With recent announcements of software-defined networking capabilities for their Active System line of converged infrastructure it’s worth taking a look at the converged infrastructure offerings from Dell. Right now that consists solely of the Dell Active System 800, a preconfigured & pre-integrated solution aiming to compete with the VCE Vblock and NetApp FlexPods of the world, though the Dell vStart lineup also offers similar hardware with more of a do-it-yourself focus on software integration.

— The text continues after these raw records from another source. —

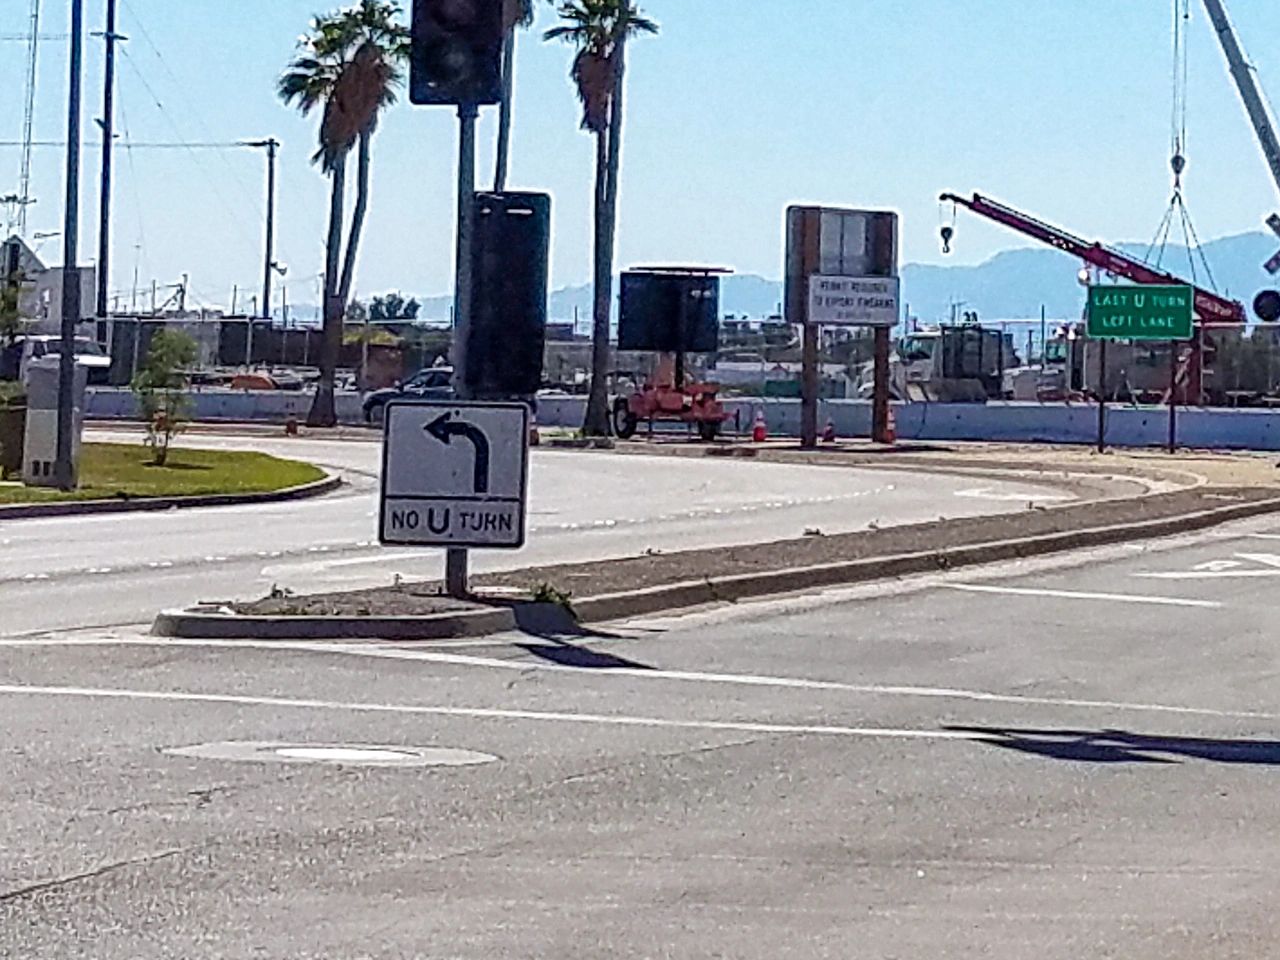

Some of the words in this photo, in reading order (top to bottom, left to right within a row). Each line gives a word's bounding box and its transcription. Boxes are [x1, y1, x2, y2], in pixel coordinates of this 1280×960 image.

[1094, 295, 1127, 306] LAST
[1134, 293, 1145, 308] U
[1152, 295, 1185, 308] TURN
[1102, 315, 1133, 328] LEFT
[1140, 315, 1175, 328] LANE
[391, 510, 420, 530] NO
[427, 507, 450, 535] U
[459, 511, 512, 532] TURN

One of the strengths of good converged infrastructure is heavy standardization, and the Dell Active System 800 does that with its exclusive use of PowerEdge M620 blades in the M1000e blade chassis. Unlike competitors, Dell allows you to customize the M620 a bit, tweaking memory sizes and onboard hard disks if you desire. Dell advertises that the M620 may have up to 768 GB of RAM but that comes at extreme cost, paid in dollars and in performance. The Intel E5-2600 series of CPUs allows for 24 DIMM sockets, and at the time of this writing 32 GB DIMMs command a premium price. Furthermore, populating all 24 memory sockets with large memory modules limits the memory speed, thereby hampering overall system performance. If you’re looking at the Active System 800 figure 256 GB of memory per node (16 x 16 GB), which is still much more dense than competing Vblocks at 96 GB per node.

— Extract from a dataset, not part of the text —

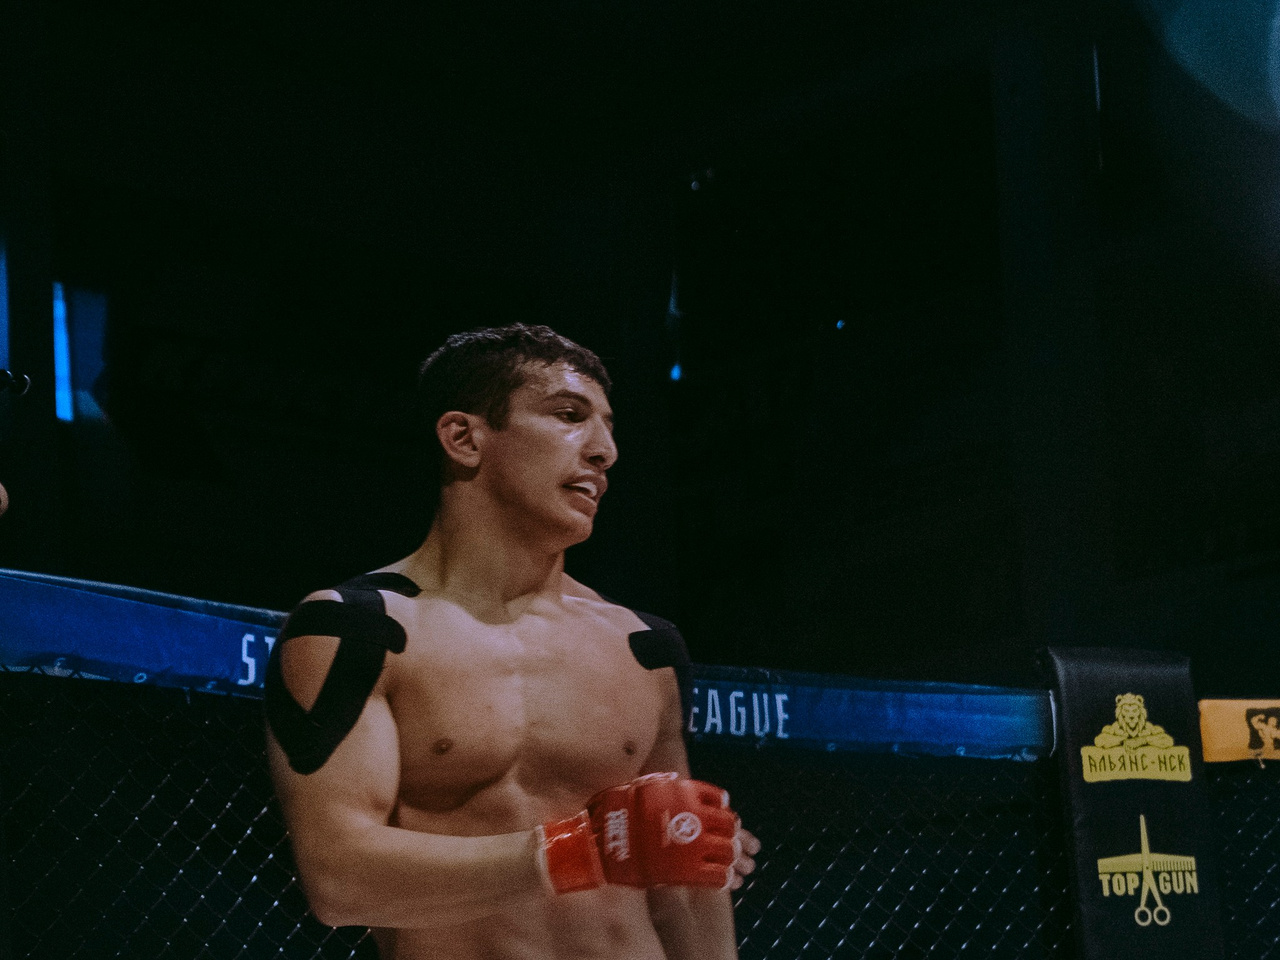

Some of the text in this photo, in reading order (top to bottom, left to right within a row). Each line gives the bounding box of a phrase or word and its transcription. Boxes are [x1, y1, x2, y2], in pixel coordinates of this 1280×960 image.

Storage in the Active System 800 is supplied by EqualLogic PS-6110 arrays, Dell’s enterprise-level iSCSI offerings. These arrays can be configured in a variety of ways to accommodate performance and capacity needs, using near-line and conventional SAS disks as well as SSD. EqualLogic arrays do automatic data tiering but lack other features, like deduplication and space reclamation, generally considered to be essential in an enterprise storage array. At the Dell Storage Forum 2012 Dell announced these features as part of their storage roadmap but have yet to ship them. Depending on how you choose to use the Active System this may or may not be a problem, especially as hypervisors continue to push this sort of functionality up into software.
Networking in the Active System 800 is accomplished by using I/O aggregators in the M1000e, uplinked to redundant Force10 S4810 10 Gbps switches. These switches are some of Dell’s finest top-of-rack switches, providing low-latency cut-through switching, four 40 Gbps uplinks per chassis, and FCoE support, though all the storage traffic inside the Active System is IP-based iSCSI. The M620 blades connect to the 10 Gbps infrastructure inside the blade chassis using Broadcom converged network adapters which can be partitioned into four virtual adapters. This might be useful for some types of physical deployments, but virtualization users would likely opt to use the native network QoS technologies like VMware’s Network I/O Control instead. Some IT shops might also balk at the lack of an Intel networking option as Broadcom has historically been plagued with driver and firmware issues, especially under Linux.
Dell recently announced the Active Fabric, a push into the software-defined networking (SDN) space aimed at making network management easier, and furthering integration with virtual environments as they become more SDN-aware. It comes along with a new switch, the Dell Networking S5000, which has essentially the same specifications as the S4810 except does not feature low-latency, cut-through switching (switching times on the S4810 are 3.3 nanoseconds, the S5000 is 800 ns) which will likely mean lower prices when it is released in July 2013.
Management of the Active System 800 is done via physical Dell PowerEdge R620s, running virtual machines with the Dell Active System Manager software. This software is the result of Dell’s acquisition of Gale Technologies and is what separates the Dell Active System 800 from its cousins in the Dell vStart lineup. Active System Manager allows users to easily provision or deprovision physical or virtual servers inside the infrastructure, in ways similar to that of VMware vCloud Director. Of course, vCloud Director is only virtual, whereas Active System Manager can do this magic with physical hardware, too. This can be a real timesaver, especially in rapidly growing virtual environments where bare-metal hypervisor deployment tools are incredibly immature, despite constant virtualization vendor talk about automation. In fact, Dell has a variant of the Active System 800, the 800v, aimed squarely at VMware Horizon View deployments in this way.
So should you buy one of these? It’s a good option if the Dell PowerEdge M620 is big enough for your needs and you’re comfortable with the EqualLogic line of storage. If you need larger computing nodes you might want to hold off until larger blades are certified, such as the M9x0 series of blades with four Intel E7 CPUs and more memory options. It also may be worth the short wait until the S5000 and Active Fabric are released if your workloads don’t require the expensive cut-through switching in the S4810. If you want more hardware options and more flexibility a Dell vStart package might also be worth the look, but for now the Active System 800, while not perfect, is a strong entry into the competitive converged infrastructure market.